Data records
● ● ● ● ●

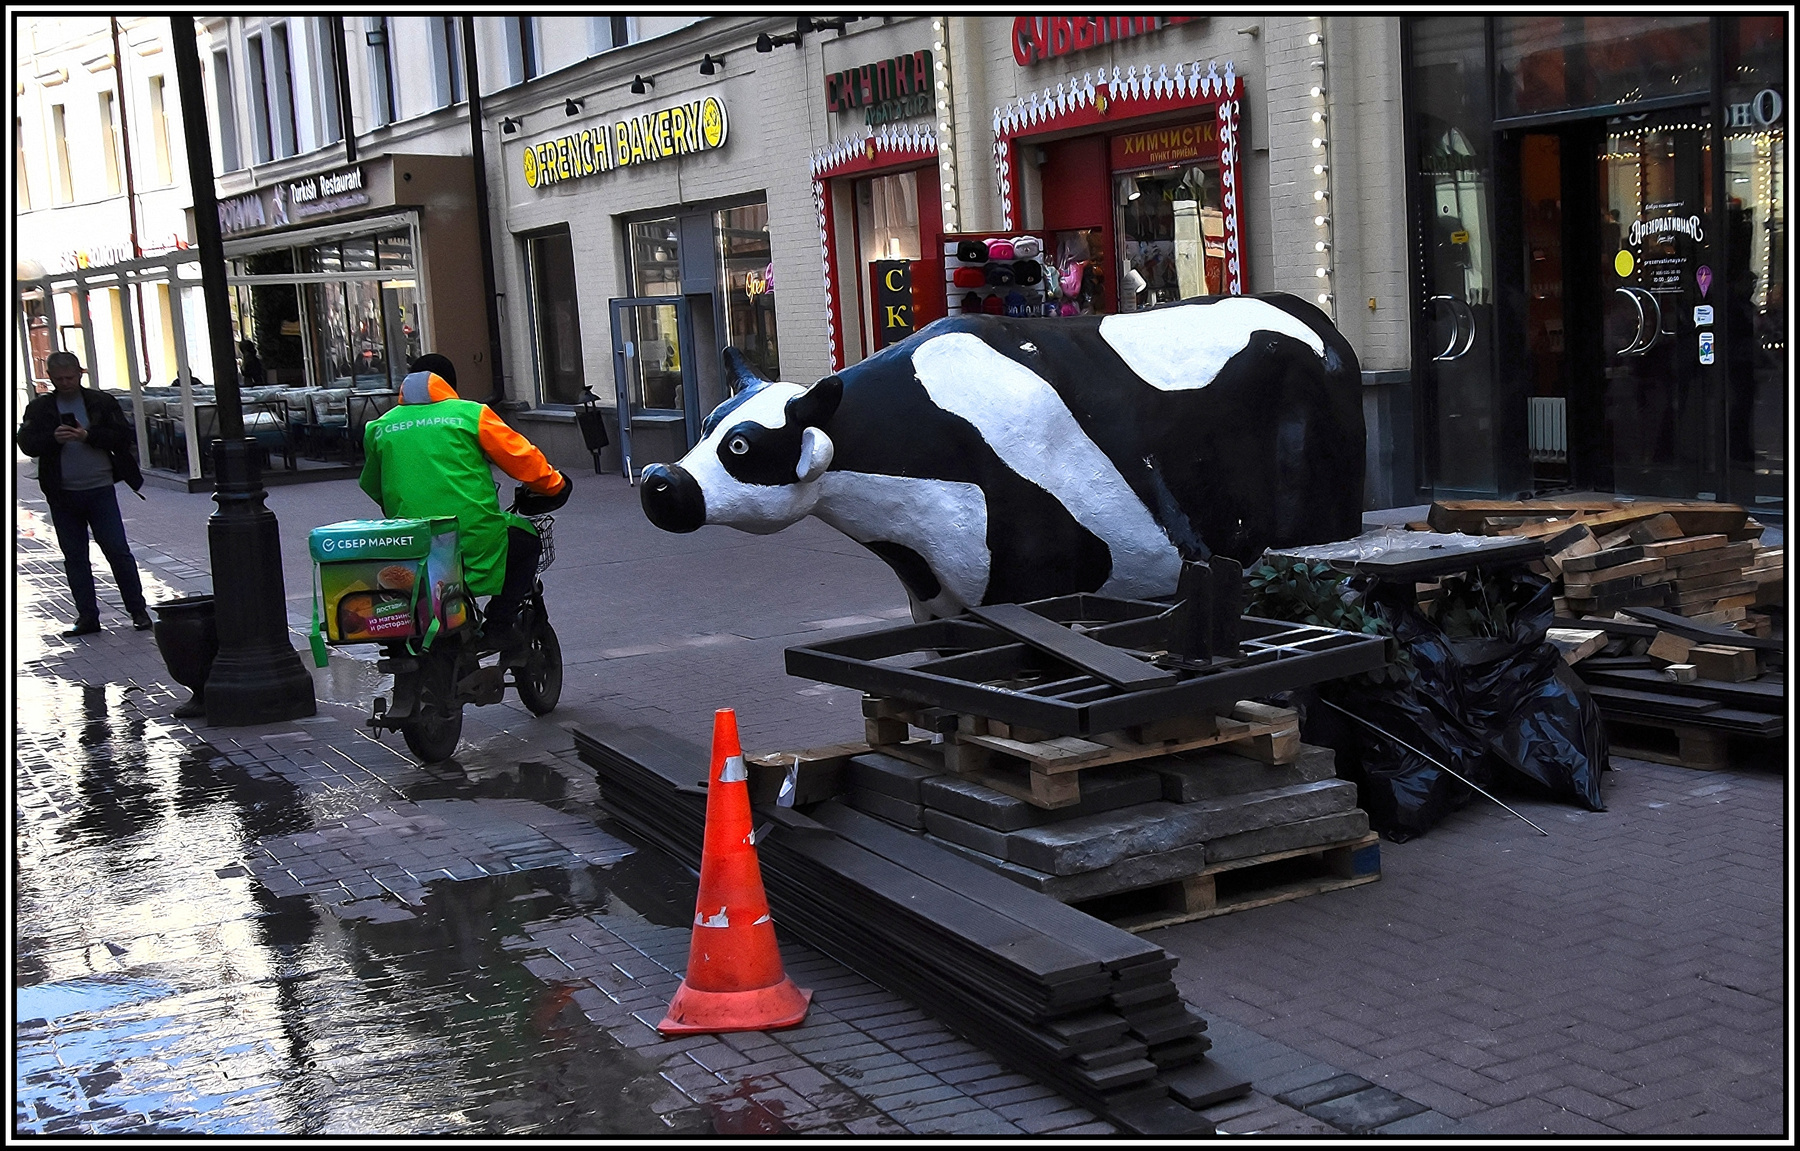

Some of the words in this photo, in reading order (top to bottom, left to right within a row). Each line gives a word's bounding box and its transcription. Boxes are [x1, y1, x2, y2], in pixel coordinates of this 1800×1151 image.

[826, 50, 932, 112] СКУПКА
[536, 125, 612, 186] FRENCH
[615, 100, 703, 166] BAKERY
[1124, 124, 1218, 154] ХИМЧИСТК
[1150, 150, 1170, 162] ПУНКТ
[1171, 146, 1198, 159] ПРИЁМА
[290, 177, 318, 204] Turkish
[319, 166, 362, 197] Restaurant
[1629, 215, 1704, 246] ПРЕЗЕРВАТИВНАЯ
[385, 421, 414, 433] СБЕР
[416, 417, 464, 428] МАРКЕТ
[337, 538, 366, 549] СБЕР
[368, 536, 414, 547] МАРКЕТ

● ● ● ● ●

TASK REQUIREMENTS: Output the data above exactly; pictures do not belong in the copy.

SOLUTION TO THIS TASK:
Some of the words in this photo, in reading order (top to bottom, left to right within a row). Each line gives a word's bounding box and its transcription. Boxes are [x1, y1, x2, y2], in pixel coordinates of this 1800×1151 image.

[826, 50, 932, 112] СКУПКА
[536, 125, 612, 186] FRENCH
[615, 100, 703, 166] BAKERY
[1124, 124, 1218, 154] ХИМЧИСТК
[1150, 150, 1170, 162] ПУНКТ
[1171, 146, 1198, 159] ПРИЁМА
[290, 177, 318, 204] Turkish
[319, 166, 362, 197] Restaurant
[1629, 215, 1704, 246] ПРЕЗЕРВАТИВНАЯ
[385, 421, 414, 433] СБЕР
[416, 417, 464, 428] МАРКЕТ
[337, 538, 366, 549] СБЕР
[368, 536, 414, 547] МАРКЕТ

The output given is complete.